Ce fut le cas avec "Mosquito Coast" en 1986, thriller aussi fiévreux qu’étrange et suivant la trajectoire délirante d’une sorte d’inventeur décroissant incarné par Harrison Ford, totalement à contre-emploi dans son rôle de père baba et idéaliste, l’un de ses plus grands rôles (avec Rick Deckard dans "Blade Runner"). Boudé par la critique et le public à sa sortie – du fait surtout qu’Harrison Ford interprète un personnage pour partie largement antipathique et mégalomane –, le film apparaît aujourd’hui comme une fable géniale et éprouvante. De ces perles rares à faire passer le mollasson "Captain Fantastic" (Matt Ross, 2016), autre portrait d’un père singulier choisissant un chemin de traverse pour existence, pour une bluette moraliste tentant vainement de pourfendre le conformisme. Parce que "Mosquito Coast" se révèle comme un quasi chef d’œuvre, dans son tableau halluciné du fantasme d’un génie insupportable rêvant d’échapper au consumérisme et de retrouver la nature authentique, celle en quelque sorte du paradis originel.

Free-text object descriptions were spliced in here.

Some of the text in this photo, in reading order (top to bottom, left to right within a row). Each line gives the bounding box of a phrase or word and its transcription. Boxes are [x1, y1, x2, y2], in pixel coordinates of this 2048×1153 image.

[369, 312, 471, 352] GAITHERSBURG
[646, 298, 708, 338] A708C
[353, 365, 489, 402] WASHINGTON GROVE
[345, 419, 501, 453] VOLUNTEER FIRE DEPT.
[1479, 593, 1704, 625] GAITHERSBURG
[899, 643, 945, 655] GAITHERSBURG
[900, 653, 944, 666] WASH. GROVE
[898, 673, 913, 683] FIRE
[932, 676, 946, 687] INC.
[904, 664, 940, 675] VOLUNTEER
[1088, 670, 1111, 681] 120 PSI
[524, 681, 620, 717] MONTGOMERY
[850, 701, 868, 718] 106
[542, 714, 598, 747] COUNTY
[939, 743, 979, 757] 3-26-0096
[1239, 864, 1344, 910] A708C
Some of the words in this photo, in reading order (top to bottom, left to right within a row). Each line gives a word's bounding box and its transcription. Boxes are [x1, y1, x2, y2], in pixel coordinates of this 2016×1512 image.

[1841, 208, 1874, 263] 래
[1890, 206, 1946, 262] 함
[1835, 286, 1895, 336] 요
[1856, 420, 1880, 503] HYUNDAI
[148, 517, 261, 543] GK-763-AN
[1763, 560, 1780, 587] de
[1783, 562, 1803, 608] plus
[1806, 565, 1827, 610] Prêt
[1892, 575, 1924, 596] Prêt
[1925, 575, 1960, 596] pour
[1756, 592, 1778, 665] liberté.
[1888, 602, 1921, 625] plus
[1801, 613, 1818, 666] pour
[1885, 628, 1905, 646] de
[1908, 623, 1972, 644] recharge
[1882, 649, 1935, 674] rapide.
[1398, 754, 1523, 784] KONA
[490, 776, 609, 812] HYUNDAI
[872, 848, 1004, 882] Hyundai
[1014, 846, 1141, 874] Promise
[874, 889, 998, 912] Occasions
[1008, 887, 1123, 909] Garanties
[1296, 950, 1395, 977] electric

Dans la peau du prodigieux et impossible Allie Fox, Harrison Ford réalise une performance stupéfiante à travers laquelle on ressent toute la complexité du tournage (que l’on décrit comme épique et difficile), entre soliloque métaphysique et logorrhée paranoïaque. Aux côtés des siens – sa femme incarnée par l’impeccable Helen Mirren, redoutable de justesse, ou encore son fils porté par le brillant et regretté River Phoenix –, le protagoniste distille une tension étouffante au gré de son désir intarissable de créer rien de moins qu’une nouvelle civilisation – mais ne joue pas impunément à Dieu qui veut. Petit à petit, le long-métrage a priori contemplatif glisse vers l’action et le thriller psychologique, où s’opposent le spectaculaire et l’enfer. Robinsonade s’il en est, "Mosquito Coast" bénéficie de surcroît d’une réalisation sensationnelle, appuyée à la fois par des paysages de toute beauté et la musique hypnotique de Maurice Jarre. Inclassable, le film ne se veut ni écologique ni anti-écologique : tout en critiquant avec force le consumérisme, il s’attache avant tout à souligner les désagréments de l’idéologie lorsque celle-ci ne se voit mise en œuvre qu’à travers l’idéalisme. Admirable leçon de philosophie.